- Associated Press - Sunday, September 11, 2011

LANDSTUHL, Germany — Volunteer staff from the U.S. military’s Landstuhl Regional Medical center huddle outside the emergency room doors, waiting under heat lamps on a crisp morning for what has become a daily routine in a decade of war —- the arrival on a blue bus of the latest casualties from Iraq and Afghanistan.

Some are in surgical scrubs, others in uniform or white hospital gowns. They crowd around the back of the modified school bus as the door opens, forming lines on either side, yelling “got it!” as they pass along the stretcher loaded with both patient and portable life support system and lower it to a wheeled gurney.

A chaplain leans over and tells the Marine who has lost both his legs to a roadside bomb in Afghanistan that he’s now safe and in good hands.

“When they come over here, we want to make sure that it’s not heartbreak hotel,” said Navy chaplain Cmdr. Manuel Mak after talking with the incoming wounded.

There’s a saying in the U.S. military that, once you’ve made it to Landstuhl, you’ve made it.

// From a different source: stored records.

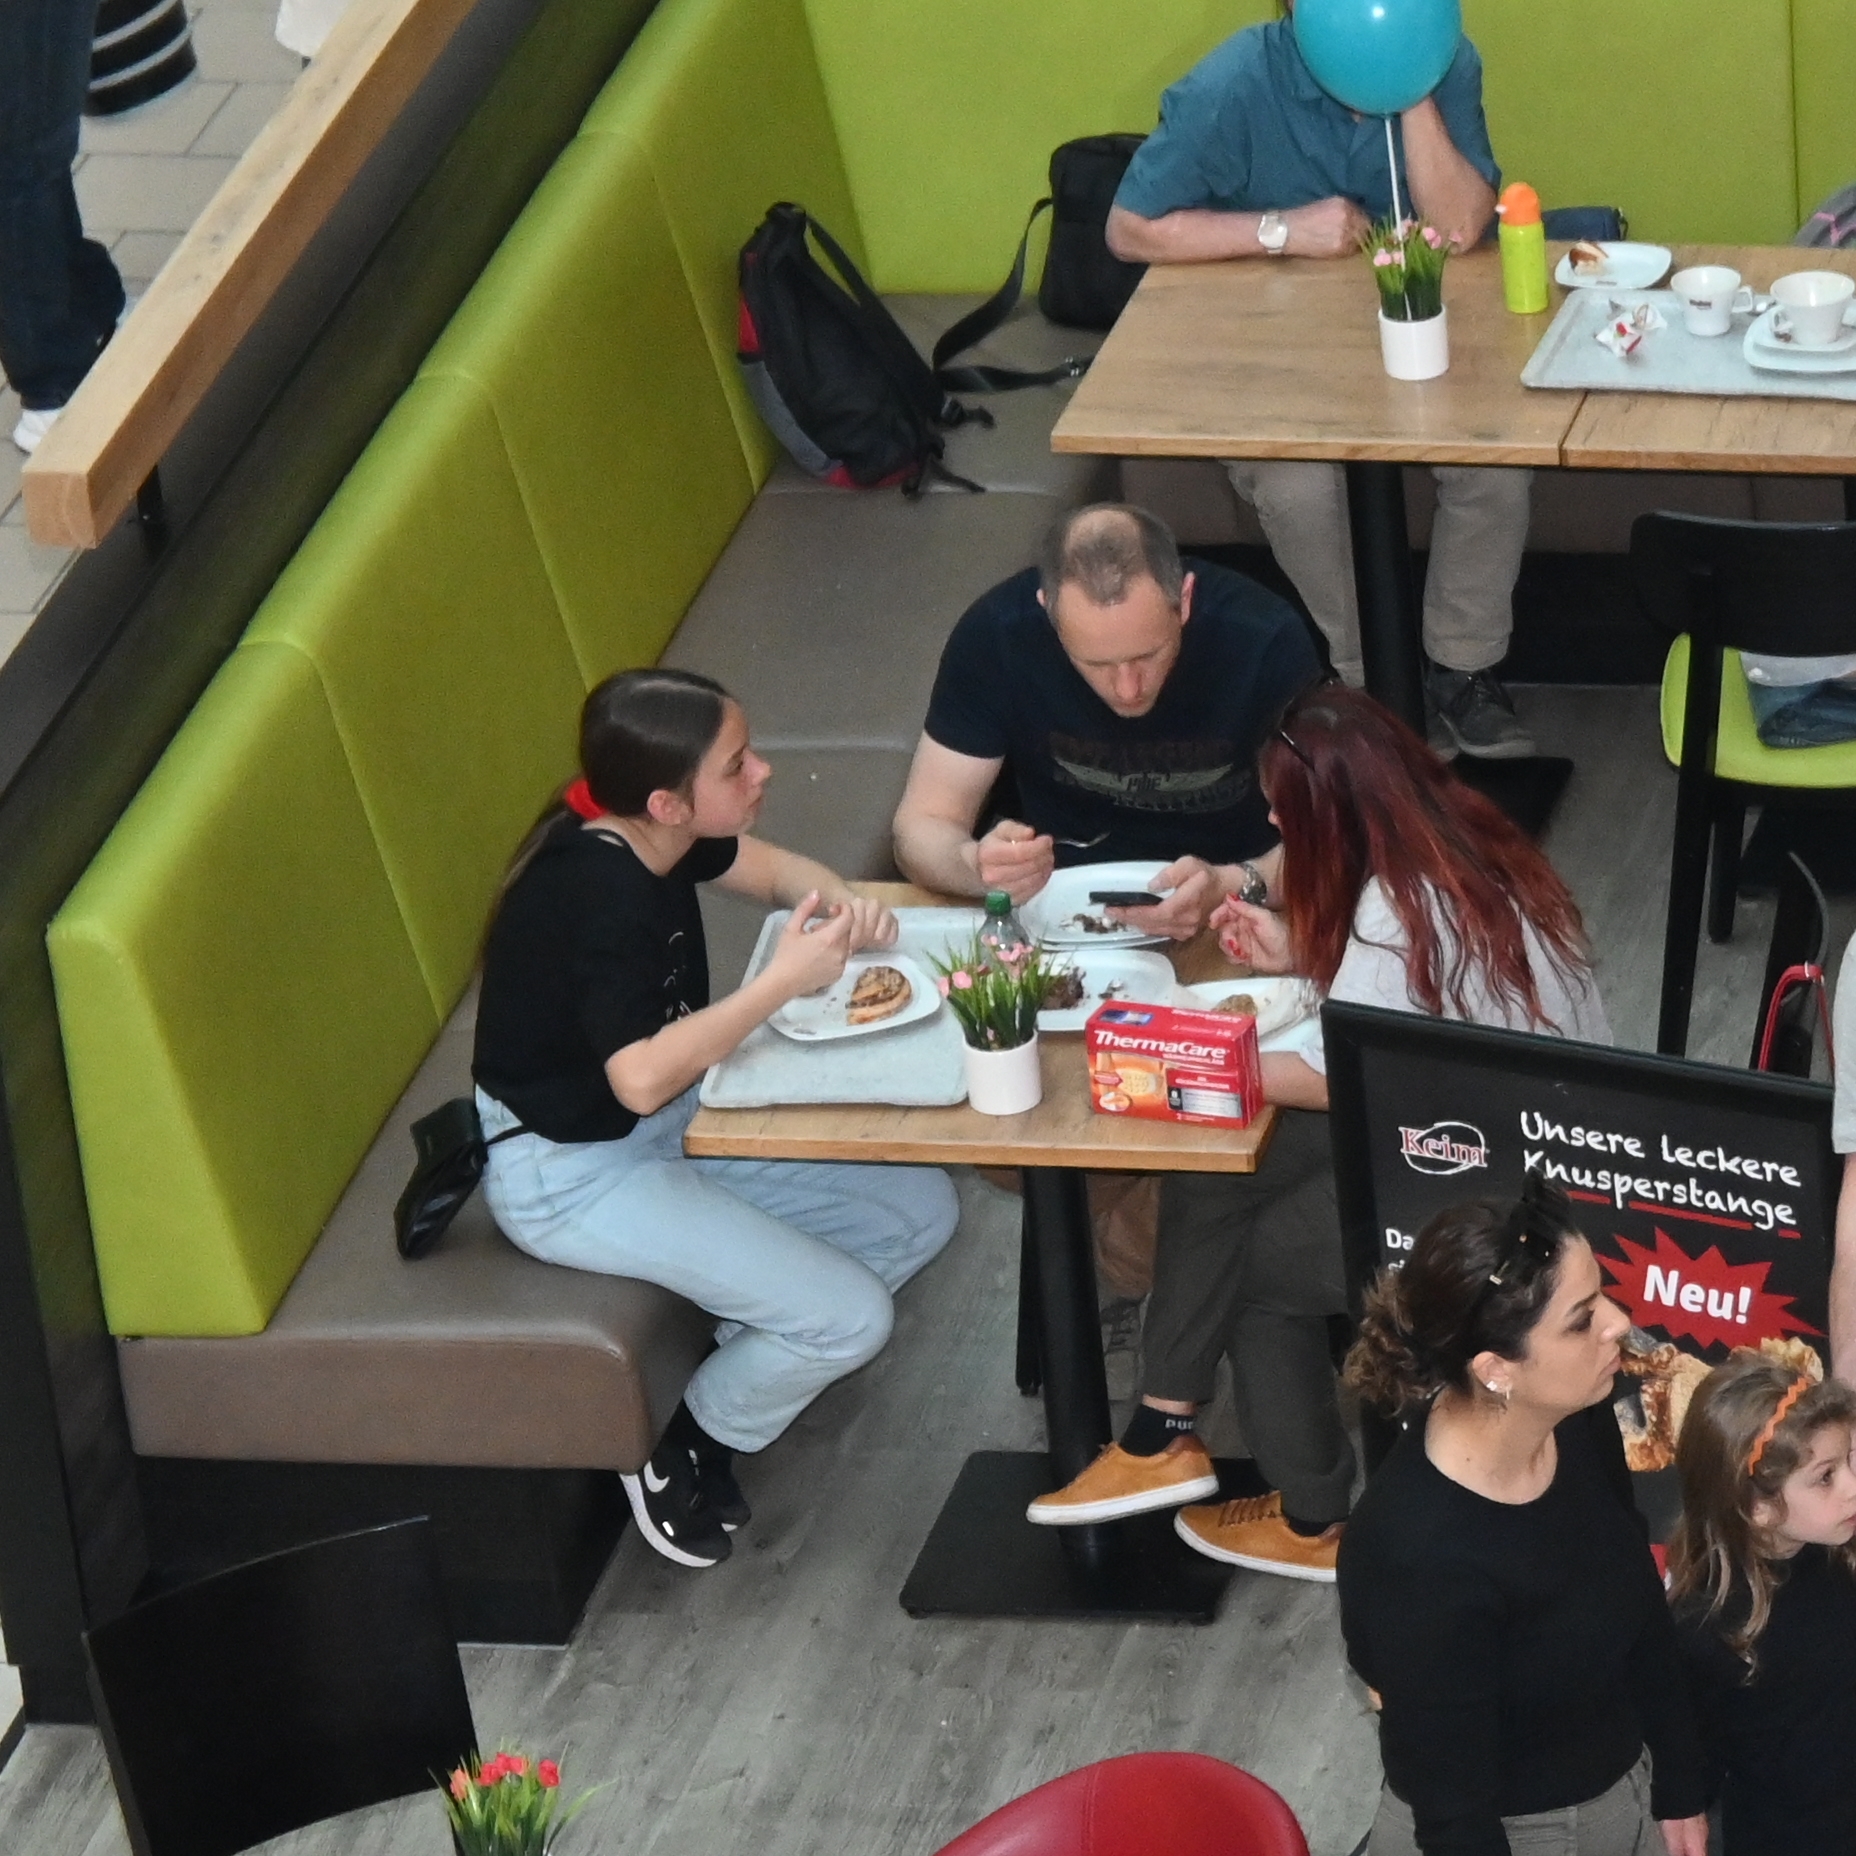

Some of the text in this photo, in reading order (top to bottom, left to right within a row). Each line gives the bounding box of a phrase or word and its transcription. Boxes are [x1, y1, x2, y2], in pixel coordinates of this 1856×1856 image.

[1095, 1030, 1225, 1058] ThermaCare
[1401, 1127, 1488, 1168] Keim
[1520, 1111, 1801, 1187] Unsere leckere
[1523, 1151, 1797, 1231] Knusperstange
[1386, 1228, 1414, 1250] Da
[1643, 1265, 1751, 1324] Neu!

After 10 years of war in Afghanistan and eight in Iraq, that’s never been more true. The medical center boasts a unique combination of cutting-edge advances in battlefield medicine and hard-won experience in treating serious trauma.

Since the start of the conflicts that have seen more than 6,000 Americans killed, Landstuhl has treated more than 13,000 combat injuries and some 64,000 noncombat injuries from Afghanistan and Iraq, from heat exhaustion to heart attacks.

The hospital boasts a 99.5 percent survival rate for its trauma patients, and has treated soldiers from 49 coalition nations and others injured in the combat zones, including several journalists.

Injured troops are flown in on aircraft that are essentially airborne intensive care units — something not available during the 1991 Persian Gulf War or for the U.S. troops in Somalia after that.

When they arrive, doctors already have “seen” inside their bodies, looking at CAT scans taken in the combat zone, sent electronically to the hospital, and turned into 3-D images by computers.

Doctors then can locate bullets, shrapnel and bone fragments, and identify fractures, internal bleeding and other issues — technology only available for the past five years.

“When they get here, we already have a very good idea of what’s going on inside them,” said radiology chief Air Force Lt. Col. Tim Richter as he looked at the image of a soldier hit with a piece of shrapnel over his left eye, which had embedded itself and bone fragments deep inside his brain. “The imaging allows us to make advance decisions on these patients even before they arrive.”

When patients are stabilized physically, psychological experts and others are on hand to help them work through post traumatic stress disorder, and the effects of concussions — sometimes multiple concussions — so common in those who have survived roadside bombs and other such attacks.

The hospital in the southwestern German state of Rhineland-Palatinate was just named in July a Level I Trauma Center by the American College of Surgeons, making it the only hospital given that honor outside the United States by the professional association that sets standards for surgical education and practice.

“It’s really a Level I trauma system,” said Trauma Nurse Director Kathleen Martin, a civilian who ran the trauma center at the University of Pennsylvania medical center for a dozen years before coming to Landstuhl in 2006.

“It’s just amazing what the medics and the MASH-type units [in the combat zones] are doing. … So many of the patients are so severely injured and they’re surviving to get here — at the start of the war they wouldn’t have been surviving.”

Just last year, a team of specialists from Landstuhl were able to save the life of a 22-year-old soldier shot in the lung. The organ was damaged so severely that it had to be removed.

They used a German-developed portable machine that oxygenates blood and takes carbon dioxide out through an intravenous connection, taking the place of the lung functions.

About the size of a suitcase, the portable ECMO machine — standing for “extracorporeal membrane oxygenation” — had never before been used in a combat evacuation but functioned perfectly.

The Landstuhl team had the advantage of being trained on the machine by the nearby University of Regensburg Hospital doctors who helped develop it.

“Generally that’s a non-survivable injury; however, we were able to get this portable ECMO device [to Afghanistan],” said Trauma Director Lt. Col. John Oh. “This device took over the function of his lung partially and he was able to be flown back, go to Landstuhl, and within weeks he actually recovered and was able to walk out of the hospital.”

The ECMO is a civilian-developed device adopted for military purposes, but methods being used by military doctors that have proved effective are now finding their way into civilian hospitals — like administering blood almost immediately after the injury.

“The increased use of blood product as opposed to the use of traditional IV fluids has changed dramatically,” said Dr. Peter Muskat, the trauma director of the University of Cincinnati Hospital who volunteered two weeks of his time to work at Landstuhl.

“I am now able to save patients that I could not have saved 10, 12 or 13 years ago and this is a direct result of the interaction between … military and civilian.”